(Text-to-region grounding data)
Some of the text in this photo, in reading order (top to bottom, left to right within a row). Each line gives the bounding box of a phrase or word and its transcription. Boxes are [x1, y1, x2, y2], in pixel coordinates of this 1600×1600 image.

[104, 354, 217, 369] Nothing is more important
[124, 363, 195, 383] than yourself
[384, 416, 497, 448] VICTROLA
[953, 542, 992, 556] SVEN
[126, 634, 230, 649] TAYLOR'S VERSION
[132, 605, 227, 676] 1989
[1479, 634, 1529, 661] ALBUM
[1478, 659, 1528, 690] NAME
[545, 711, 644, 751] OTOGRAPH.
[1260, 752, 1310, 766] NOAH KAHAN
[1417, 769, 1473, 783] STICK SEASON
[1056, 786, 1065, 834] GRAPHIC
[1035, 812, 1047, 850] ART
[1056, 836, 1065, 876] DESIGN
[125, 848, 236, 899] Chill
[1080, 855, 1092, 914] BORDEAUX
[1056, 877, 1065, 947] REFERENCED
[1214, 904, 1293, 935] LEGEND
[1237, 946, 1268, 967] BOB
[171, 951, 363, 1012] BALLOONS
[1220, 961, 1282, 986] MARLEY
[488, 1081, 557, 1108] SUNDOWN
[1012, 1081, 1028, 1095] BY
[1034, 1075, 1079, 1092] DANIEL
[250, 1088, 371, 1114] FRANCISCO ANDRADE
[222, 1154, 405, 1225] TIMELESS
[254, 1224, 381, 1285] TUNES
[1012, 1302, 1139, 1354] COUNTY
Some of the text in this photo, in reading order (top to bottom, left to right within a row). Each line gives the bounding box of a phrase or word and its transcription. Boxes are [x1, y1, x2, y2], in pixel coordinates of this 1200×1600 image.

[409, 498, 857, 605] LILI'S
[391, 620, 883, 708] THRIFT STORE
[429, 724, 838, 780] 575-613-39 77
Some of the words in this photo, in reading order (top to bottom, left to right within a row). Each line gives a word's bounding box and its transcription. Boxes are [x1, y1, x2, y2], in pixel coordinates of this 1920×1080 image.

### The task
Please return, exactly as written, the line containing "this 1200×1600 image." and every line after it through the end of the records above, and nothing else.

### Answer to this exercise
Some of the text in this photo, in reading order (top to bottom, left to right within a row). Each line gives the bounding box of a phrase or word and its transcription. Boxes are [x1, y1, x2, y2], in pixel coordinates of this 1200×1600 image.

[409, 498, 857, 605] LILI'S
[391, 620, 883, 708] THRIFT STORE
[429, 724, 838, 780] 575-613-39 77
Some of the words in this photo, in reading order (top to bottom, left to right within a row). Each line gives a word's bounding box and its transcription. Boxes are [x1, y1, x2, y2], in pixel coordinates of this 1920×1080 image.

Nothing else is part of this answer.